United States Court of Appeals, Ninth Circuit
Aug 22, 1912
198 F. 920 (9th Cir. 1912)

Opinion


198 F. 920 (W.D.Wash. 1912) CRAWFORD v. SEATTLE, R. & S. RY. CO. et al. No. 2,181. United States District Court, W.D. Washington, Northern Division. August 22, 1912

Morris B. Sachs, for plaintiff.

Walter S. Fulton, for defendants Peabody, Houghteling & Co., and others.

CUSHMAN, District Judge.

This action was originally brought in the superior court of King county in this district. The plaintiff is a citizen and resident of the state of Washington. The defendant Seattle, Renton & Southern Railway Company is a corporation organized and existing under the laws of the state of Washington and is a citizen of that state for jurisdictional purposes. The remaining defendants are citizens and residents of the state of Illinois.

Within the time and in the mode prescribed by law, the nonresident defendants petitioned for removal from the state court to the District Court of the United States in the proper district, on the ground that there is a controversy between the plaintiff and the petitioning defendants which is wholly between citizens of different states and which can be fully determined as between them. The plaintiff moved to remand the cause to the state court on the ground that the controversy was not separable.

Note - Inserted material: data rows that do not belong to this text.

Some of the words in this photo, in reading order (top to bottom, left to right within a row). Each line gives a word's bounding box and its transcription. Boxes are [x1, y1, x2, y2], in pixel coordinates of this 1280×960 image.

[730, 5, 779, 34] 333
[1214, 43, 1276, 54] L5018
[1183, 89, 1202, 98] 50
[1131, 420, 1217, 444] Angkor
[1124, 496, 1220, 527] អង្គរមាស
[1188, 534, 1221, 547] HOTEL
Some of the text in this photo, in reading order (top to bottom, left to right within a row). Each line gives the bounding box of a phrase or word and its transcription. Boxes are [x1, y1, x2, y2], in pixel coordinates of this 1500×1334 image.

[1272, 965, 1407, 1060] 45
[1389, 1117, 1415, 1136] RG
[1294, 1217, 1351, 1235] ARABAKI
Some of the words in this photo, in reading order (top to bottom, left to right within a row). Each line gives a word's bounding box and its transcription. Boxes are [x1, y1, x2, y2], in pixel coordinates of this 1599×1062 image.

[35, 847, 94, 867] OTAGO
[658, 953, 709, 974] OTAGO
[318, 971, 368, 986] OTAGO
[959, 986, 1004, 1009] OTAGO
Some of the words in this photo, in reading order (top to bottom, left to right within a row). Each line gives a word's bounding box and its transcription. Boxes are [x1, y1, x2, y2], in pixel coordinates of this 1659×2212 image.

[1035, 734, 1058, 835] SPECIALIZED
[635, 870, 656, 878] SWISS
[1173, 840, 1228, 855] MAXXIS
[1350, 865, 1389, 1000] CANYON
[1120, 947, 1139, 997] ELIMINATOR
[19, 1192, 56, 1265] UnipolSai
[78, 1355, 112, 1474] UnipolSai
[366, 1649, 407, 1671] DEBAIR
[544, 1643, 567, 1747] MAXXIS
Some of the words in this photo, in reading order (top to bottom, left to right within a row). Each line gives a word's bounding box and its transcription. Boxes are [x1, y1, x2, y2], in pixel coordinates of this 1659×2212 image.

In analyzing the complaint on that motion, the court said:

'The complaint sets forth numerous contracts and transactions between the railway company and the petitioning defendants, numerous transactions between the plaintiff individually and the petitioning defendants, a conspiracy on the part of the petitioning defendants to acquire title to the property of the railway company and the corporate stock owned by the plaintiff individually, and prays judgment against the petitioning defendants for relief in behalf of the railway company, and for relief in his own behalf as an individual. In other words, the complaint sets forth a cause of action in favor of the railway company and against the petitioning defendants, and a cause of action in favor of the plaintiff and against the petitioning defendants. In the former the plaintiff has no interest, except as a stockholder, and the relief granted, if any, will inure wholly to the benefit of the railway company. In the latter the relief granted will inure wholly to the benefit of the plaintiff; the railway company having no interest directly or indirectly therein.'

The court found the two causes of action entirely separable and distinct and denied the motion to remand. Thereafter the plaintiff was allowed to amend his bill of complaint, striking from it any allegations of damage to himself and all prayer for relief purely personal to him.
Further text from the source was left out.